In the summer of 1964 the Council of Federated Organizations (COFO), a Mississippi coalition of the Congress of Racial Equality (CORE), the Student Nonviolent Coordinating Committee (SNCC), and the National Association for the Advancement of Colored People (NAACP), invited northern white college students to spearhead a massive black voter-registration and education campaign aimed at challenging white supremacy in the Deep South.
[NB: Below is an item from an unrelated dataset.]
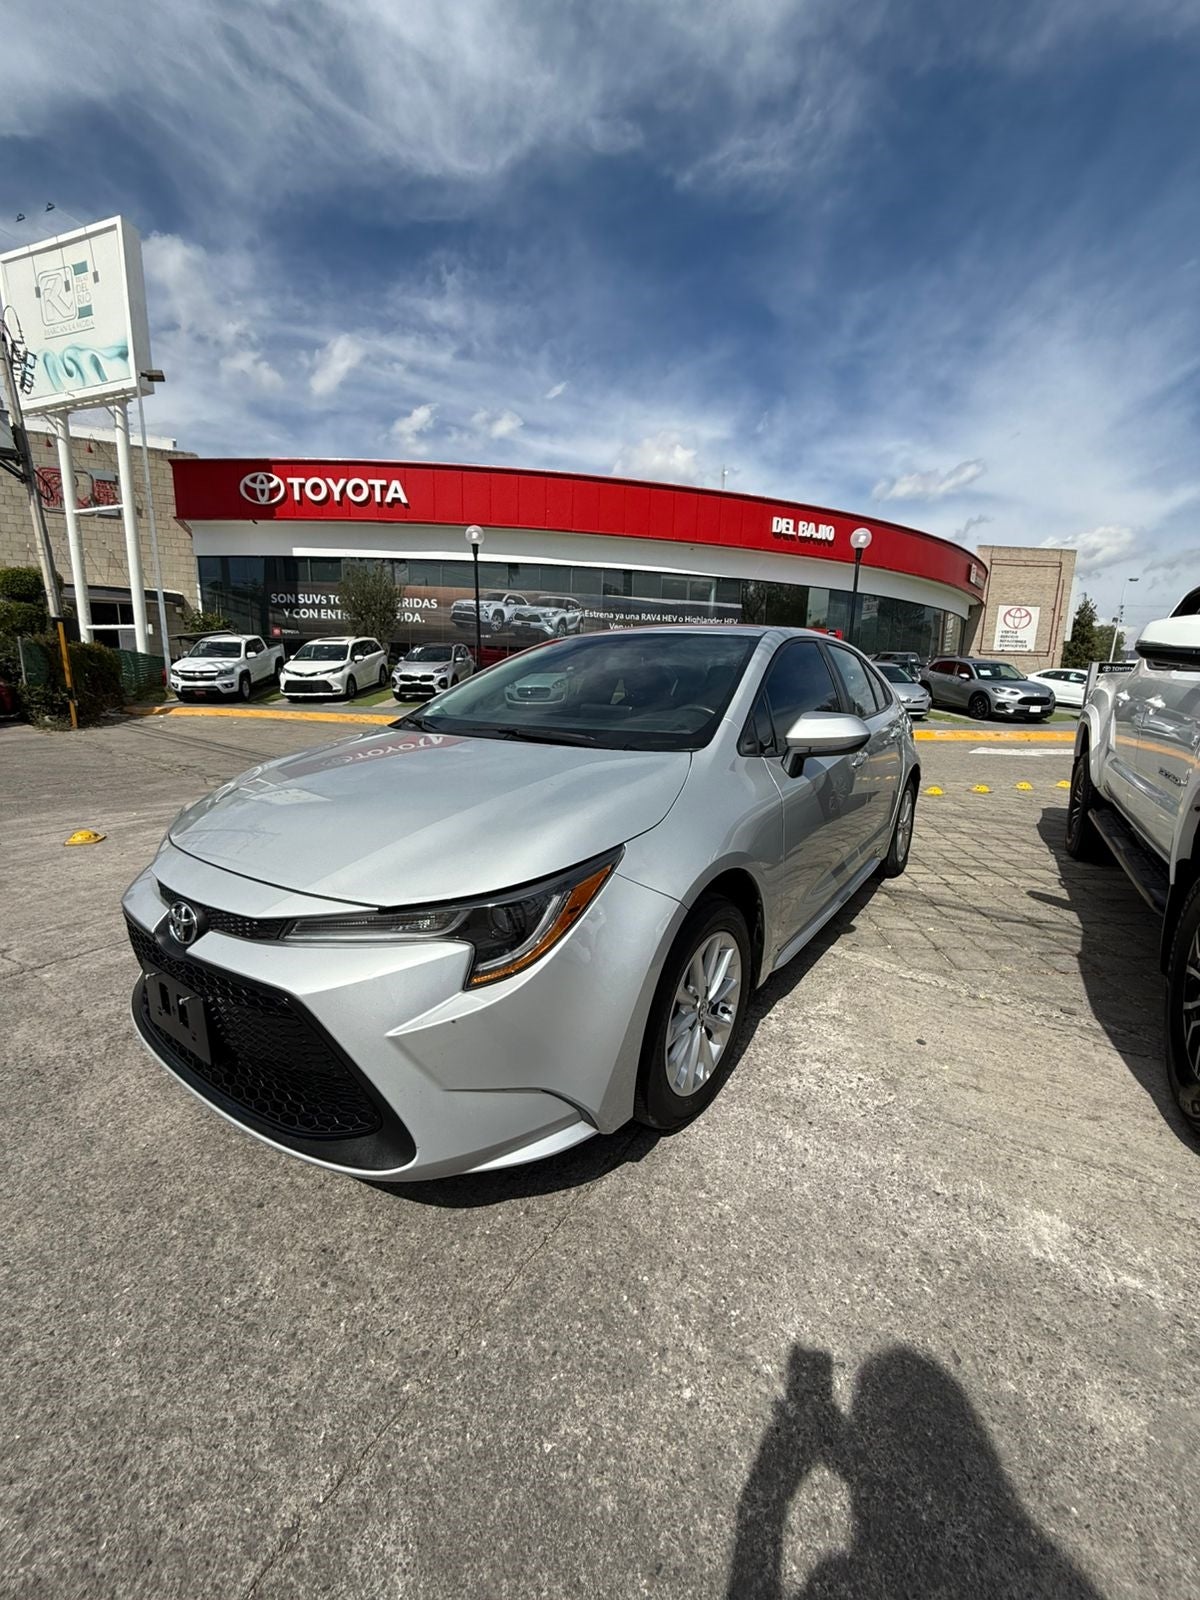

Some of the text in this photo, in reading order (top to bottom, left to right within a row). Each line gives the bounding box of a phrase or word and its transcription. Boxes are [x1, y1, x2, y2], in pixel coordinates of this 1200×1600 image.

This campaign, which became known as Freedom Summer, was the culmination of COFO's efforts to attack black disfranchisement in Mississippi. COFO had been formed in 1962 in response to the Kennedy administration's offer of tax-exempt status and funding from liberal philanthropies to civil rights organizations that focused their activities on increasing black voter registration. The considerable success of COFO activists in sparking the interest of black Mississippians in voter registration during the summer of 1963 prompted them to propose an entire summer of civil rights activities in 1964 to focus national attention on the disfranchisement of blacks in Mississippi, and to force the federal government to protect the civil rights of African Americans in the South.

The SNCC played the largest role in the project and provided most of its funding. Robert Moses of the SNCC was the guiding force behind the summer project, and the overwhelming majority of COFO staff workers were SNCC members who were veterans of the long fight for racial equality in Mississippi.

Approximately a thousand northern white college students, committed to social change and imbued with liberal ideals, volunteered to participate in the Freedom Summer campaign. Under the direction of SNCC veterans, these volunteers created community centers that provided basic services such as health care to the black community and initiated voter education activities and literacy classes aimed at encouraging black Mississippians to register to vote. SNCC activists also directly challenged the segregated policies of the all-white Mississippi Democratic Party by supporting the efforts of local black leaders to run their own candidates under the party name Mississippi Freedom Democratic Party (MFDP). The MFDP efforts encouraged over seventeen thousand African Americans to vote for the sixty-eight delegates who attended the Democratic National Convention in Atlantic City in the summer of 1964 and demanded to be seated in replacement of the regular Democratic organization. The MFDP challenge, though unsuccessful, focused national attention on Mississippi and propelled Fanny Lou Hamer, a local activist, into the national spotlight.

Another focus of the Freedom Summer was institutionalized educational inequities in Mississippi. Thirty COFO project sites created "Freedom Schools," administered under the direction of Staughton Lynd, a white Spelman College history professor, to provide an alternative education to empower black children to challenge their oppression. These schools provided students with academic training in remedial topics, as well as in more specialized subjects such as art and French. A key goal of the schools was to develop student leadership and foster activism through discussions about current events, black history, the philosophy behind the civil rights movement, and other cultural activities. Despite the overcrowding and the perennial lack of facilities, over three thousand African-American students attended the Freedom Schools.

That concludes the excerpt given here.